Dans le document LES ADOLESCENTS FACE AUX IMAGES VIOLENTES (Page 169-171)

Les usages extensifs ou excessifs d’internet ont été pointés par quelques enseignants dans les entretiens. Dans les établissements du groupe 1, les enseignants ont tendance à penser que les adolescents sont très connectés mais qu’ils maîtrisent la situation. Une enseignante en EPS (G2) est sensible au fait que les jeunes ne dorment pas assez, parce qu’ils restent connectés tard dans la nuit. « Ils ont l’air toujours fatigués », dit-elle.

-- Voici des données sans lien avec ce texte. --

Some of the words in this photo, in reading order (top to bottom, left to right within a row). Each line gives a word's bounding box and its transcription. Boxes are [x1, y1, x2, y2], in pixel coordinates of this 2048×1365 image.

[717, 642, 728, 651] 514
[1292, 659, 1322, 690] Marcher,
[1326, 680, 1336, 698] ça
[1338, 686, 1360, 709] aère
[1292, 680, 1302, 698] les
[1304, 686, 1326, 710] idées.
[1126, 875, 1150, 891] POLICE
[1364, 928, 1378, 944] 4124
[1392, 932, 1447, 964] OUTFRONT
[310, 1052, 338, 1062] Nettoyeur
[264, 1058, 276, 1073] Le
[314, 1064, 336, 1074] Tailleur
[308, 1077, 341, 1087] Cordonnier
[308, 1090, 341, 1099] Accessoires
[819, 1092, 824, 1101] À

Les enseignants supputent ponctuellement des difficultés d’apprentissage liées à des utilisations excessives de jeux vidéo, mais ils n’ont pas de prise sur ces pratiques et semblent en parler peu avec les adolescents ou leurs parents, considérant probablement que cela fait partie de leur vie privée.

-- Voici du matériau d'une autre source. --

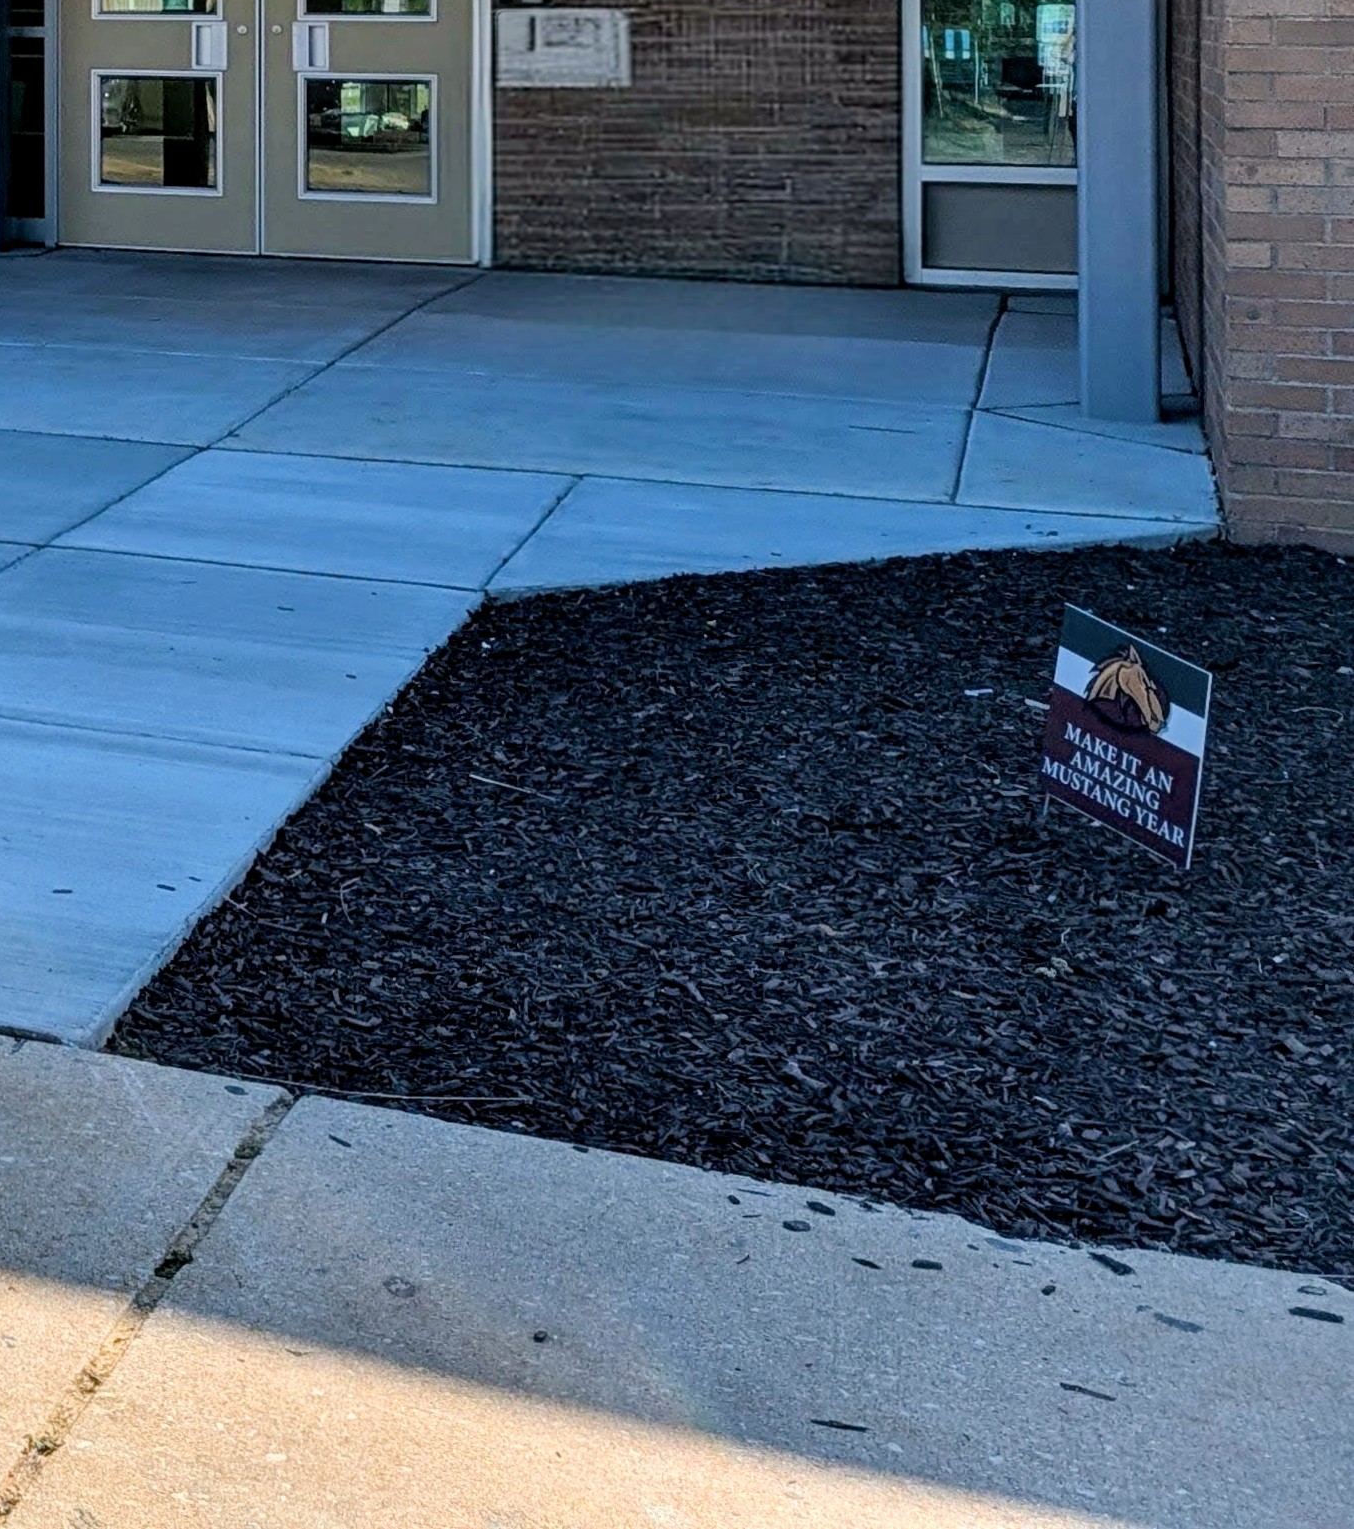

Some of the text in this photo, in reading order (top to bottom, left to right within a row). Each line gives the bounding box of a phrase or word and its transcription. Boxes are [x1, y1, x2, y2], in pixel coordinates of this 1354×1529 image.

[1063, 722, 1173, 794] MAKE IT AN
[1069, 750, 1161, 811] AMAZING
[1041, 756, 1185, 848] MUSTANG YEAR

En entretien, une éducatrice (G3) observe autour d’elle, et non dans le contexte de son activité professionnelle, des mères en grande difficulté pour poser des interdits à leurs garçons, qui se retrouvent sans limites dans leurs consommations médiatiques. Elle connait un garçon qui est depuis l’adolescence dans une escalade de provocations et de violences. Sensibilisée à ces questions de par son activité professionnelles en EPM, elle est étonnée de voir ce type de difficulté dans des familles non précaires. Elle a en effet observé l’équipement précoce des jeunes détenus et l’ancrage de leurs pratiques médiatiques dans un contexte de très faible médiation parentale depuis la petite enfance. Elle est consciente de ce qu’ils sont souvent équipés très tôt d’outils leur permettant d’aller sur internet, sans accompagnement parental, sans contrôle de l’historique ou la pose d’un logiciel de filtrage. Elle l’explique du fait de défaillances globales des parents (alcool, drogue, violences, illettrisme, ou simplement faible maîtrise de l’internet…). Certains parents seraient très loin des écrans, (notamment dans les cultures roms). De façon générale, les parents de ces jeunes ne mesurent pas, selon elle, les

dangers d’internet, et les grands frères les emmènent précocement sur des contenus inadaptés. Elle se souvient d’un exemple d’un jeune qui avait vu Scarface à 6-7 ans.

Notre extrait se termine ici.